Prague is a European tourist magnet. Thanks to its architecture, cultural heritage, and local cuisine, the city attracts millions of visitors annually. In 2024, tourist arrivals exceeded 9 million, and by 2030, they are projected to grow to 11-12 million. This ensures high demand for short-term rentals, which is especially important for investors working with properties in the city center or in areas with developed infrastructure.
Domestic demand
Besides tourism, Prague has strong domestic demand for rental and purchase housing. The city is growing rapidly thanks to students, young professionals, and international companies opening offices in the Czech Republic. Many foreign professionals choose to rent apartments in Prague long-term, which supports long-term rental yields at 4.5-6% per annum—higher than in Vienna, where yields rarely exceed 3%.
Reasons for the interest of investors from the EU and CIS countries in Prague
In recent years, many investors have begun to shift from Austria and Germany to the Czech Republic. The main reasons include lower entry barriers, high price growth (averaging 6-8% per year), attractive yields, and less stringent rental restrictions. Vienna's market is more mature and regulated, while Prague offers more scope for active strategies: renovation of older housing stock, short-term rentals, and conversion of buildings into apartments.
Prague has thus become one of the key investment cities in Central Europe, offering an attractive balance between investment security and the possibility of high returns.
Prague's competitors in the real estate market
Prague is a strong player on the European investment map, but it's not the only city in the region attracting investors. Central and Eastern European markets are developing dynamically, and each has its own characteristics, levels of return, and risks.
Prague competes with both more stable markets like Vienna and Berlin, as well as more aggressive ones like Budapest and Warsaw. The choice between these cities depends on the investor's goals: capital preservation, rapid growth, or high returns through riskier strategies.

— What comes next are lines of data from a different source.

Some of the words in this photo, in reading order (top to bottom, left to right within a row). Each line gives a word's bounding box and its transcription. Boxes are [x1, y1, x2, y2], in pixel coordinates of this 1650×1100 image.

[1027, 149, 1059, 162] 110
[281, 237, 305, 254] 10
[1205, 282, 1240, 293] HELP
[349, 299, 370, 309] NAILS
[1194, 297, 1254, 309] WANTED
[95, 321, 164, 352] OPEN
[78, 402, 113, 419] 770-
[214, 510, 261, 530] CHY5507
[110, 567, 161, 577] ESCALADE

| Indicator | Prague (Czech Republic) | Vienna (Austria) | Budapest (Hungary) | Berlin (Germany) | Warsaw (Poland) |
|---|---|---|---|---|---|
| Average price per square meter, center | €6 000-7 500 | €10 500-12 000 | €4 500-5 500 | €7 500-9 000 | €4 000-4 800 |
| Long-term rental yield | 4,5-6% | 2,5-3,2% | 5,5-7% | 3,0-3,8% | 5,0-6,2% |
| Short-term rental yield | 7-9% | 4-5% | 8-10% | 5-6% | 7-8% |
| Time the property has been on the market (sale) | 4-6 months. | 2-3 months. | 6-9 months. | 3-5 months. | 5-7 months. |
| Risk of changes in legislation | Average | Short | High | Short | Average |
| Legal protection of investors | High | Very high | Average | Very high | Average |
| The main type of investors | Private funds | Funds, HNWI* | Private investors | Funds, institutions | Private, corporate |
| Tourist flow (million/year) | 9,2 | 8,7 | 6,5 | 14,0 | 4,8 |
*HNWI – high-net-worth individuals, wealthy private investors.
Vienna (Austria) – stability and capital preservation
Vienna is a premium, highly regulated market. Housing prices in Vienna remain virtually constant, and rental rates are stable. However, yields are low, and the market has seen slow growth in recent years. The city is suitable for investors who prioritize security and long-term capital protection.

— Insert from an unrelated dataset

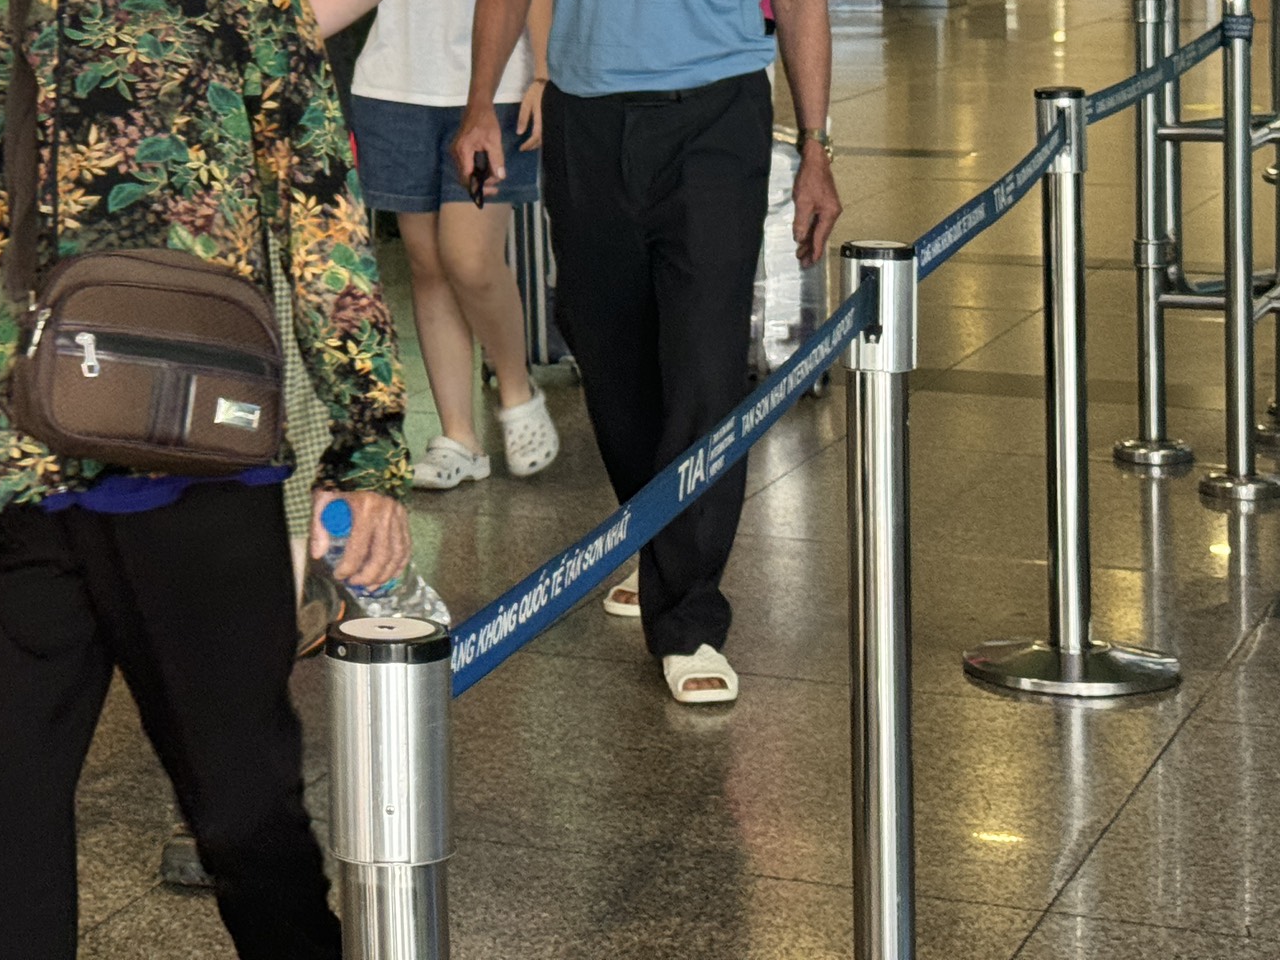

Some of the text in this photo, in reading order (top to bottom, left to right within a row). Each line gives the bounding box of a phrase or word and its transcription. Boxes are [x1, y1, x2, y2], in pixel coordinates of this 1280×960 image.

[678, 448, 705, 502] TIA
[476, 603, 518, 658] KHÔNG
[518, 569, 550, 625] QUỐC
[550, 553, 569, 600] TẾ

- Pros: high level of legal protection, minimal risks, high liquidity.
- Cons: low profitability, high entry threshold.
Budapest (Hungary) – high returns and risks
Budapest is considered one of the most promising markets in the region in terms of yield. Real estate prices here are lower than in Prague, and short-term rental yields can reach 8-10% per annum. However, the market is less stable, and political and economic risks are higher.

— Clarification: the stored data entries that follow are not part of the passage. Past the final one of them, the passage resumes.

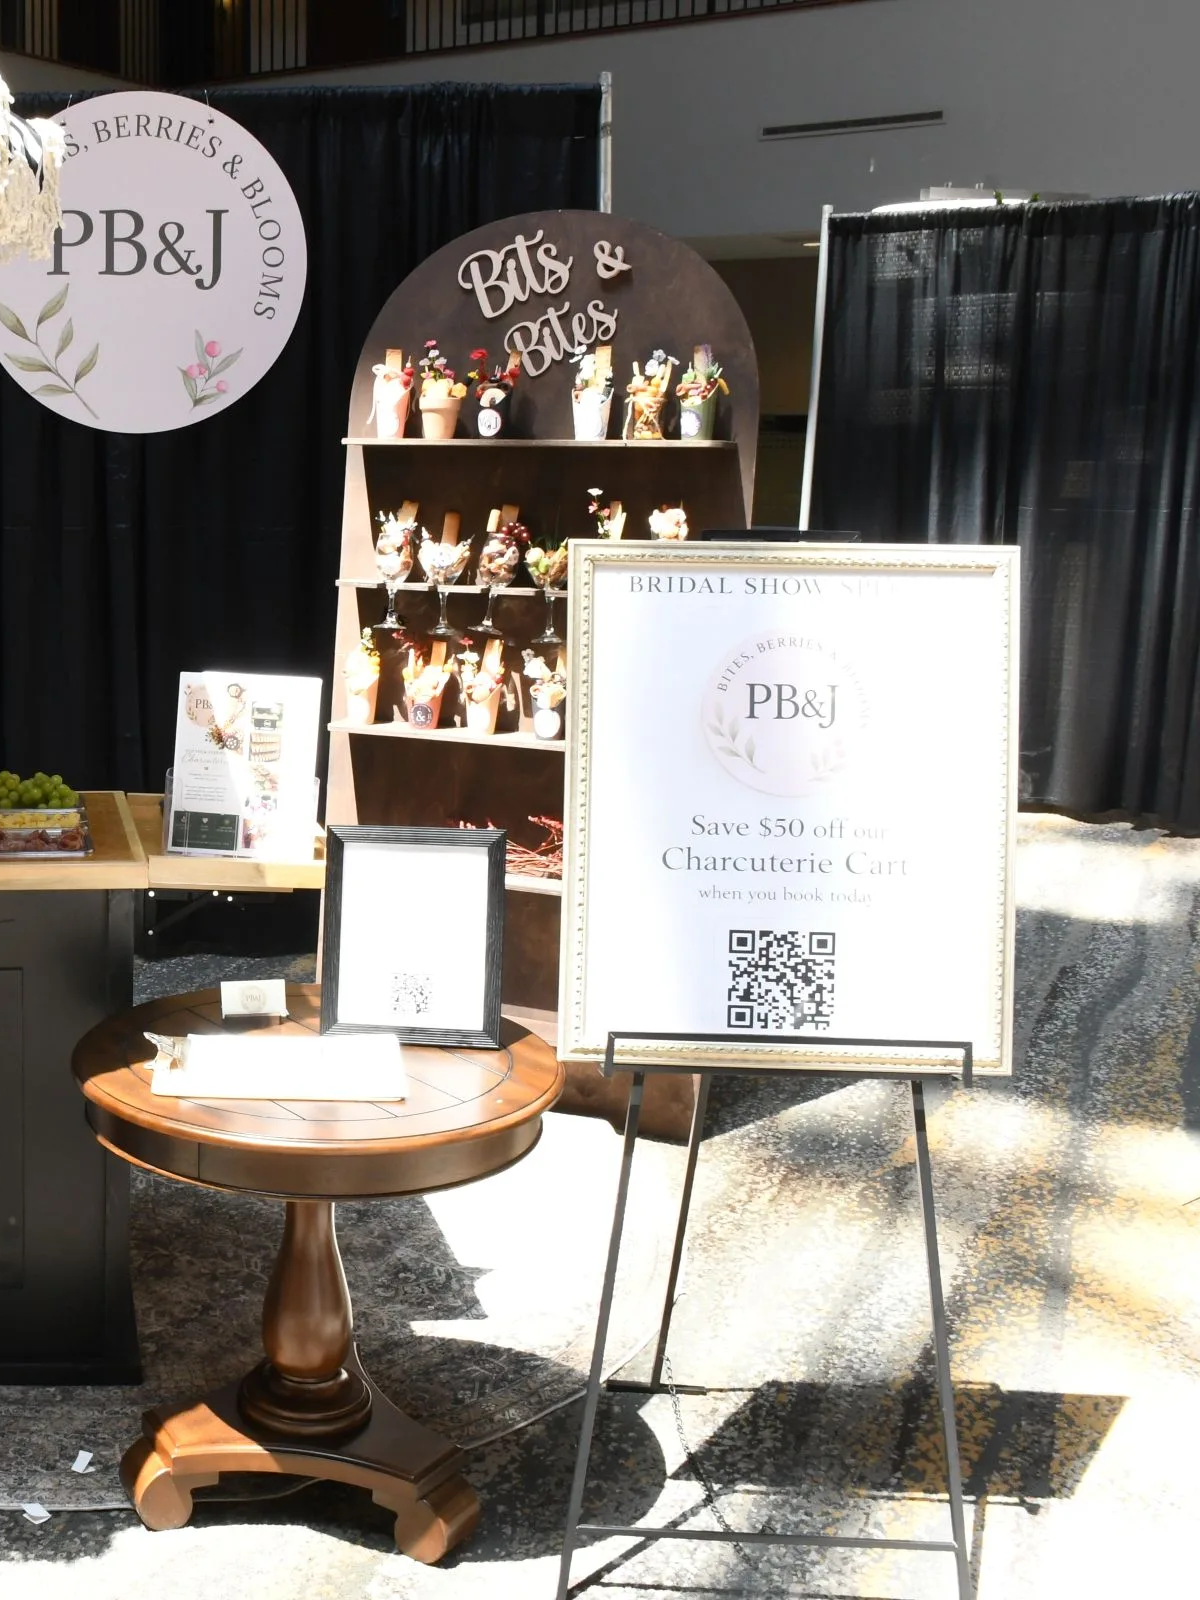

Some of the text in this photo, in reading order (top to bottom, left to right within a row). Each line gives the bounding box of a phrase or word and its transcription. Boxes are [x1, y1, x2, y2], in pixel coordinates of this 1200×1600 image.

[92, 114, 285, 321] BERRIES & BLOOMS
[46, 209, 230, 291] PB&J
[457, 229, 632, 319] Bits &
[504, 299, 619, 377] Bites
[629, 575, 733, 595] BRIDAL
[744, 577, 824, 596] SHOW
[716, 651, 755, 693] BITES,
[756, 636, 823, 654] BERRIES
[745, 682, 839, 729] PB&J
[691, 814, 889, 841] Save $50 off our
[661, 846, 909, 876] Charcuterie Cart
[698, 884, 873, 907] when you book today
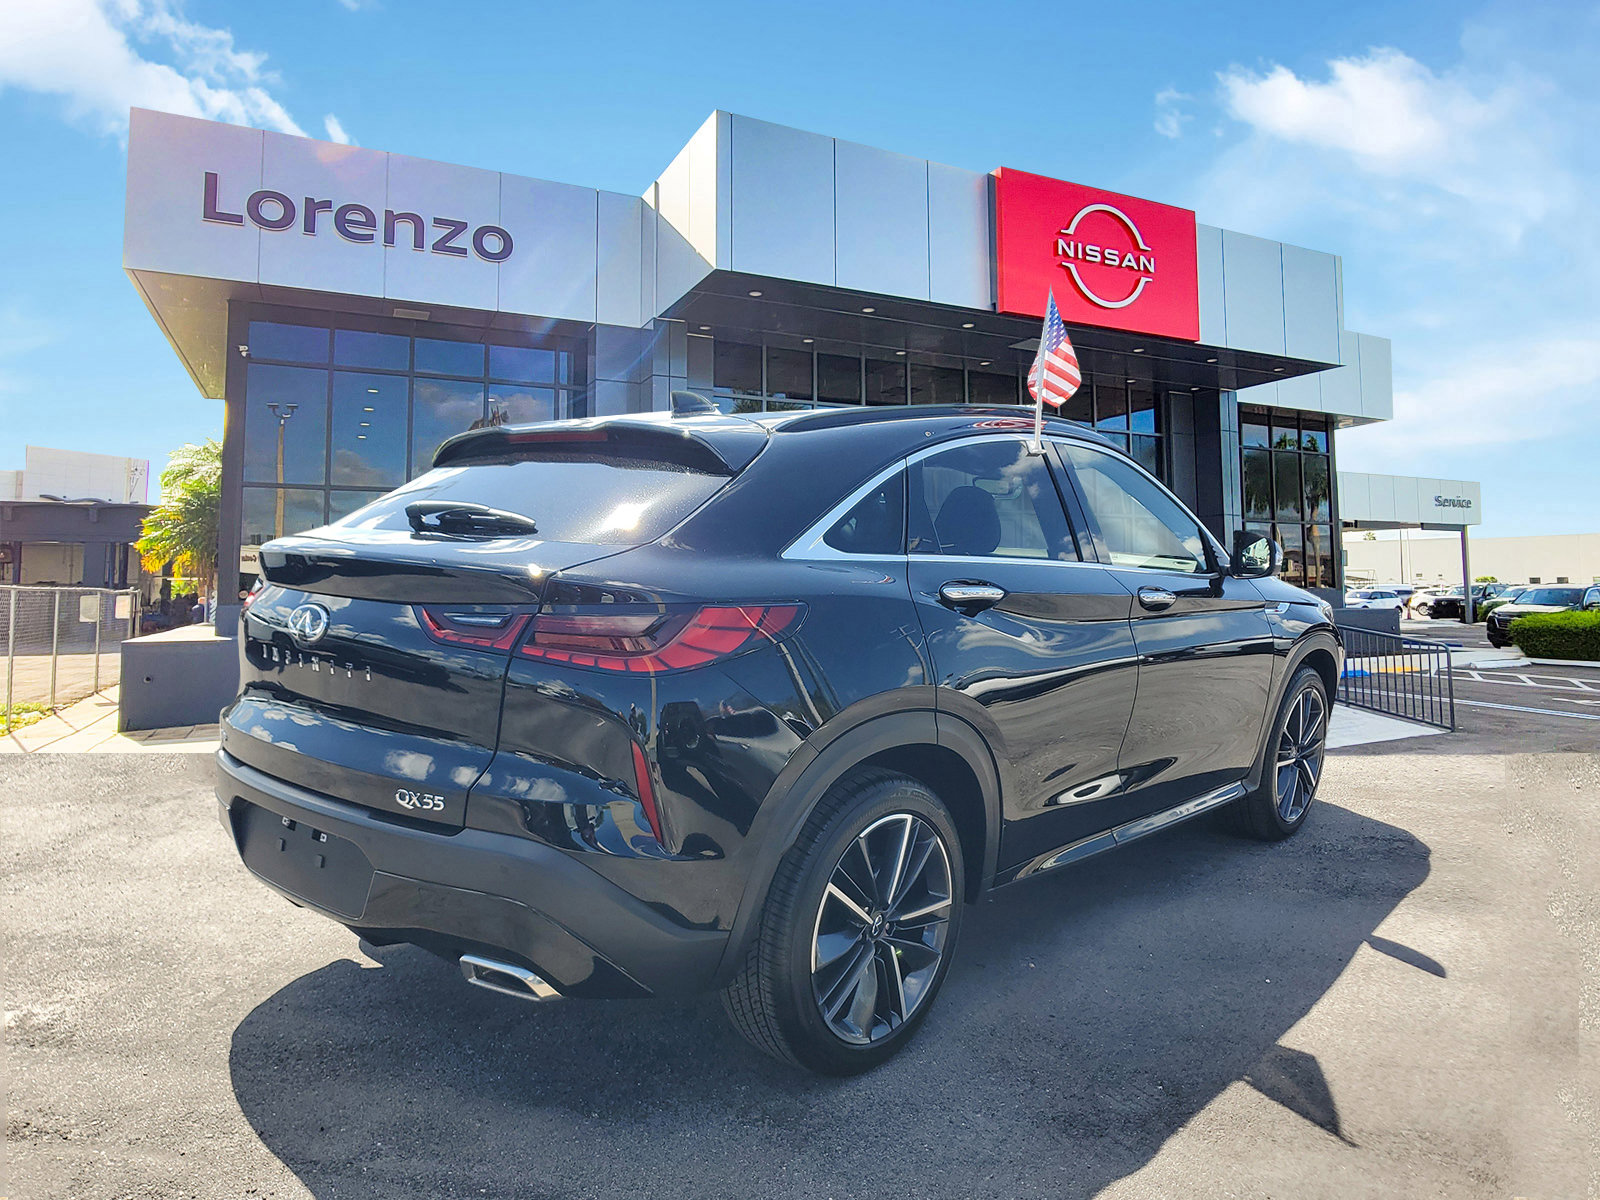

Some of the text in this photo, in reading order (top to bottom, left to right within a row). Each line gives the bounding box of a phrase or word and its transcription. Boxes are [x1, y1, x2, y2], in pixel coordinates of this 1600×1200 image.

- Pros: low prices, high profitability, active tourist flow.
- Cons: unstable economy, weak legal protection, possible sharp price fluctuations.
Berlin (Germany) – stability with restrictions
Germany's largest real estate market , attractive to large investors and funds. However, strict rent regulations and high taxes make it less attractive to private investors, especially those from abroad. Prices are rising, but at a moderate pace, and yields rarely exceed 3.5% per annum.
- Pros: strong economy, high demand for housing, transparency of transactions.
- Cons: Strict rent control laws, highly competitive market.
Warsaw, Poland – a growing market with moderate risks
Warsaw is rapidly developing and attracting international companies, stimulating increased demand for housing. , real estate in Poland is often viewed as a long-term investment option, especially in large cities. Real estate prices are lower than in Prague but higher than in Budapest.
- Pros: dynamic growth, moderate entry threshold, strong domestic demand.
- Cons: economic fluctuations, less predictable politics.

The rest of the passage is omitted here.